The son of a man suspected of being a Russian agent, a traitor, he’s worked triply hard to carve out a career in the FBI. His life and career are going ok, he’s made it to the night desk assignment in the White House, but Sutherland considers himself stalled. Whether anyone will admit it out loud or not, the legacy of his father shadows everything in his life, relationships and work. 

Then one night the special phone on his desk rings. Nothing is the same after that moment. Nothing. Events move quickly, shadows are everywhere, and bad actors are behind every closed door. In his effort to untangle a longtime conspiracy with a Russian mole at the highest level of the U.S. government, Agent Sutherland must swiftly make decisions with earth shattering consequences.

The Night Agent is a superb thriller, featuring spies and tradecraft and well-developed characters riding a complex plot. This is another of those books following me around the house.

@WmMorrowBooks, #thenightagent, @mquirk


Joseph Kanon’s The Defectors was published in 2017. It has been sitting on a shelf waiting for my attention, but not until my friend Jason King’s praise for the book prompted me to open the covers did I realize how damn fine a novel this is.

The Defectors tells a simple story, really. Frank Weeks, a biggie in the 1949 version of the CIA (he’d been in military intelligence during the war), defects to the Russians in 1949. It’s an immense coup for the communists and a sharp blow for the Allies. 

A dozen years later, retired for all intents and purposes by the KGB, living in Moscow with his wife, enjoying a certain type of celebrity, he’s writing his memoirs (with Kremlin permission). Asking his brother Simon, who’s in the publishing business in New York, to come to Moscow and help him write and edit the book seems a simple and complex thing all at the same time.
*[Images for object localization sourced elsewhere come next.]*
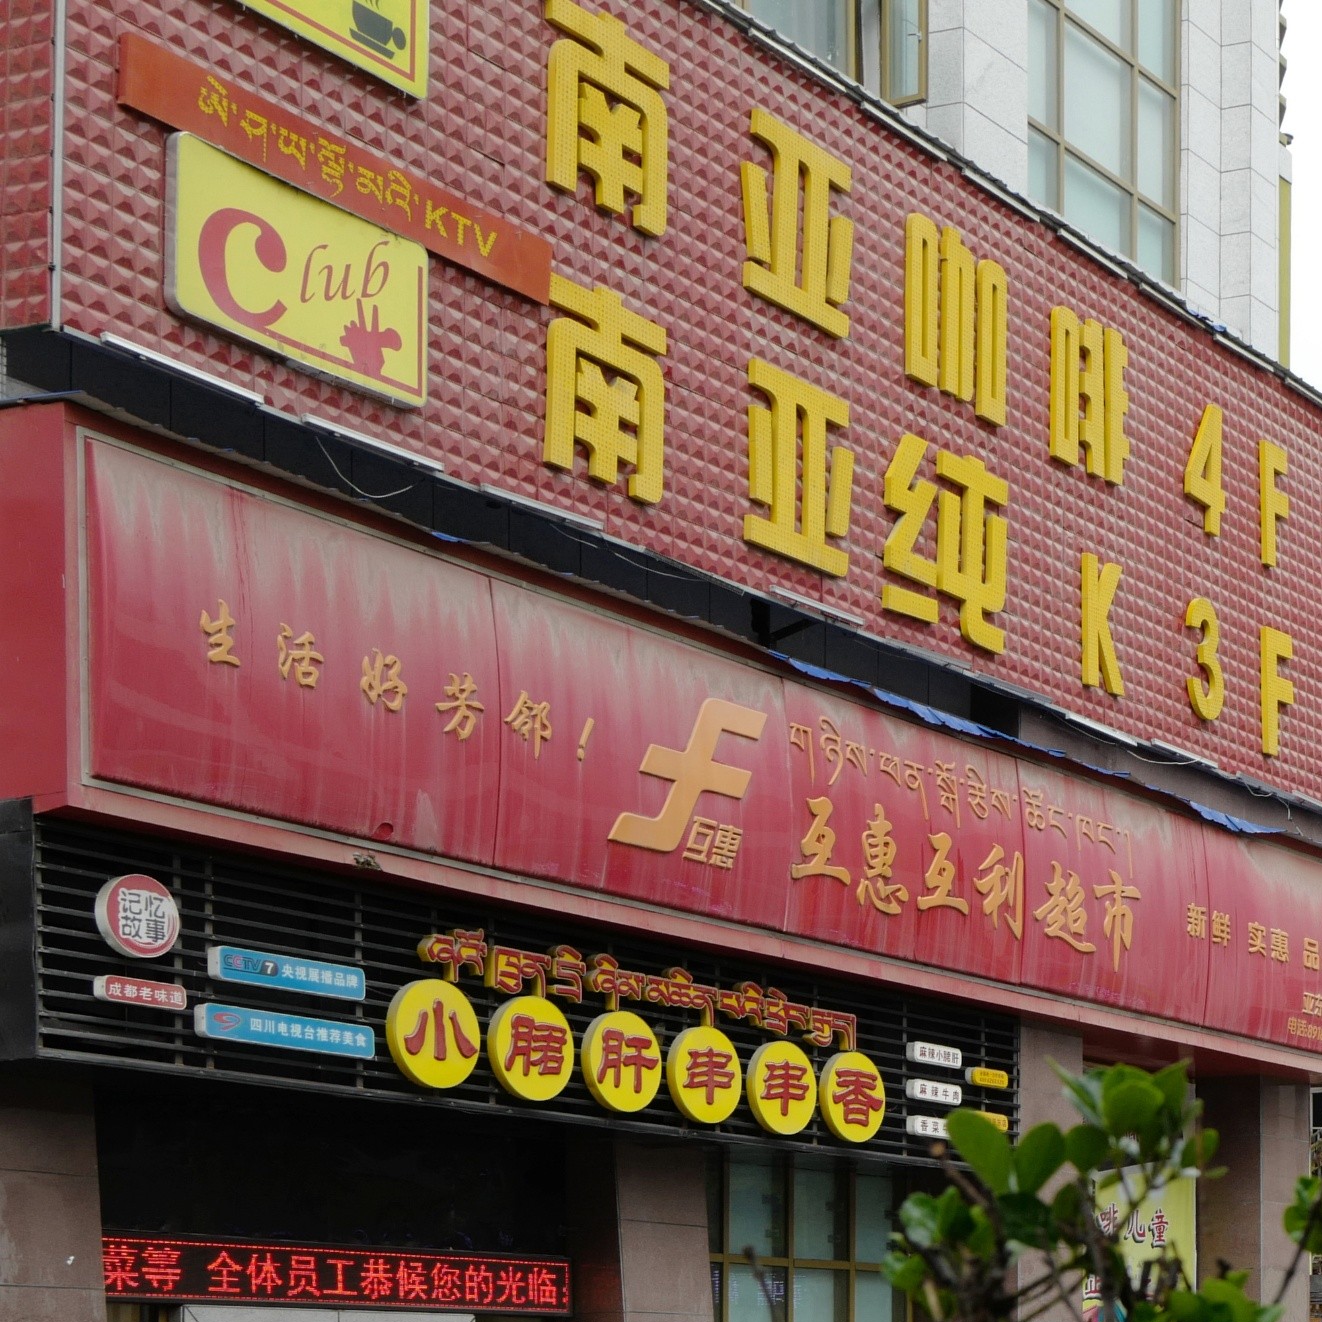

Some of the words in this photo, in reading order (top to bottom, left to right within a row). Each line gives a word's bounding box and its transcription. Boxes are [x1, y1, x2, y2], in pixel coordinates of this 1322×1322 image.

[425, 199, 497, 257] KTV
[198, 207, 390, 328] Club
[682, 816, 745, 870] 互惠
[792, 796, 1140, 972] 互惠互利超市
[1186, 902, 1231, 948] 新鲜
[1247, 921, 1290, 964] 实惠
[108, 982, 184, 1006] 成都老味道
[281, 963, 358, 989] 央视展播品牌
[250, 1017, 368, 1048] 四川电视台推荐美食
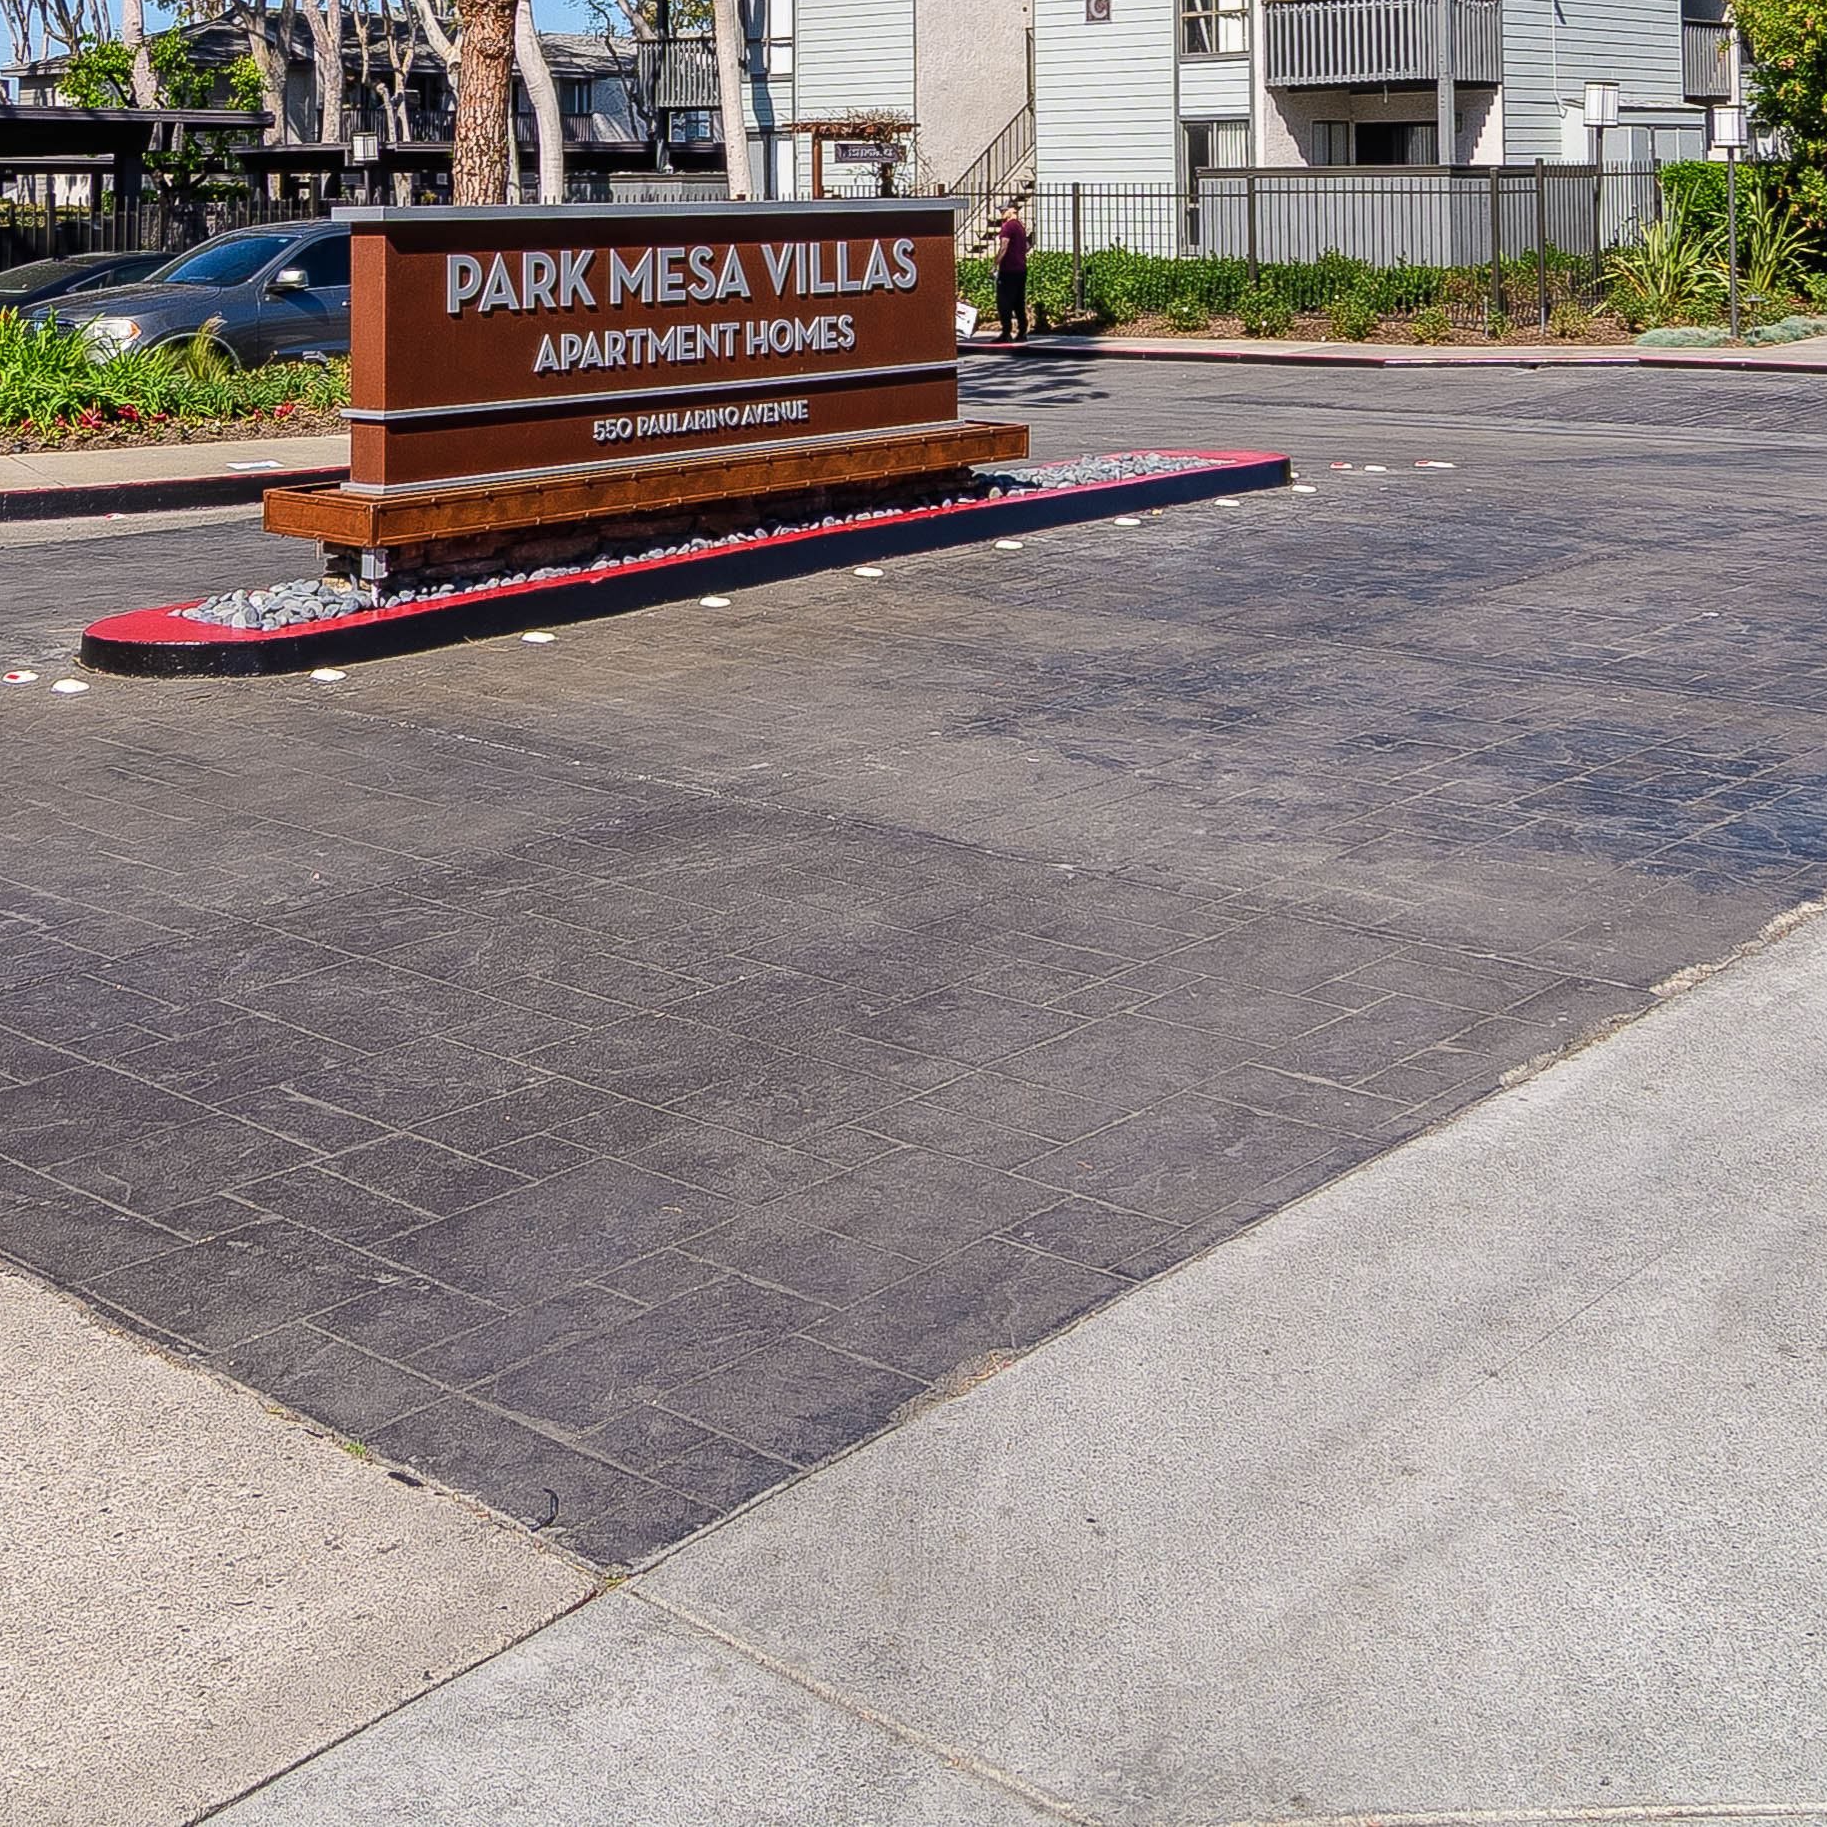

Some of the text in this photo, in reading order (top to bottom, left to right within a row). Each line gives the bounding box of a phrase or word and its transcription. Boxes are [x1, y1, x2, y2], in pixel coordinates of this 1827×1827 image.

[446, 237, 918, 314] PARK MESA VILLAS
[532, 314, 856, 373] APARTMENT HOMES
[592, 399, 809, 441] 550 PAULARINO AVENUE
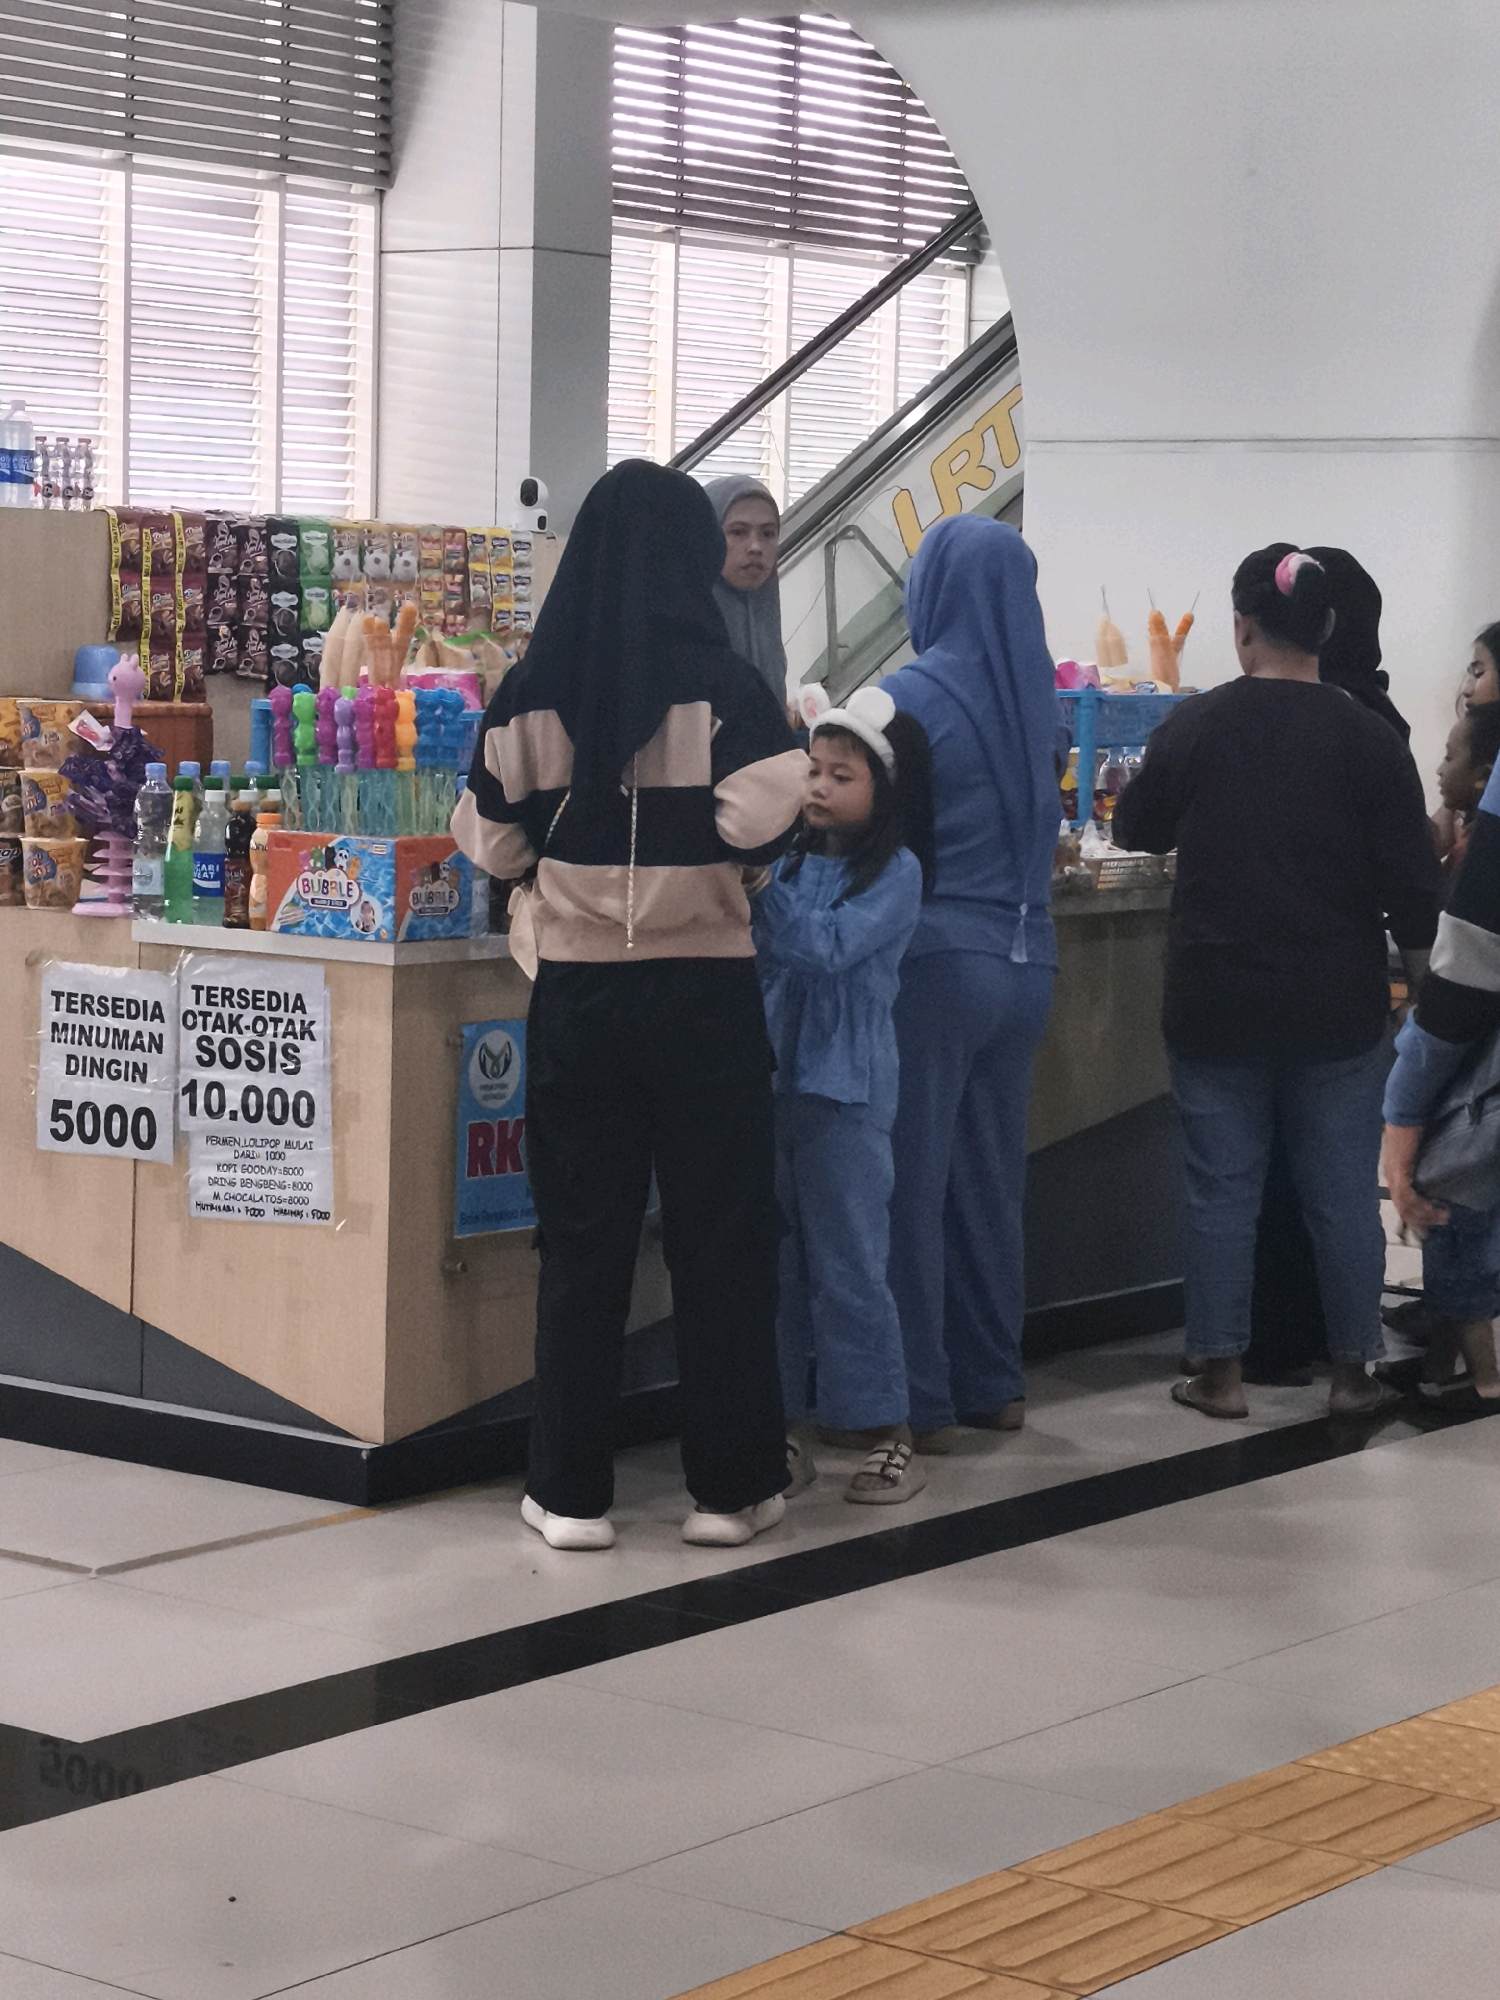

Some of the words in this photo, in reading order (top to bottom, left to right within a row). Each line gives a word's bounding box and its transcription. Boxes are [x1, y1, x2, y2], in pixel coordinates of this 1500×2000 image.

Nobody from the west has had contact with Frank these twelve years - no family, no friends. 

Simon flies to Moscow, the brothers reunite in a sense, and the book project begins. Slowly, the world Simon thought he was getting into reveals itself as something else. Few are who they seem, beginning with brother Frank, even including his KGB minder Boris. 

The Defectors is complicated and yet clear. Kanon weaves sublime shadings and clever dialogue into a brilliant story of love, family, treason, and greed. This is a true spy tale, containing each necessary element, written superbly.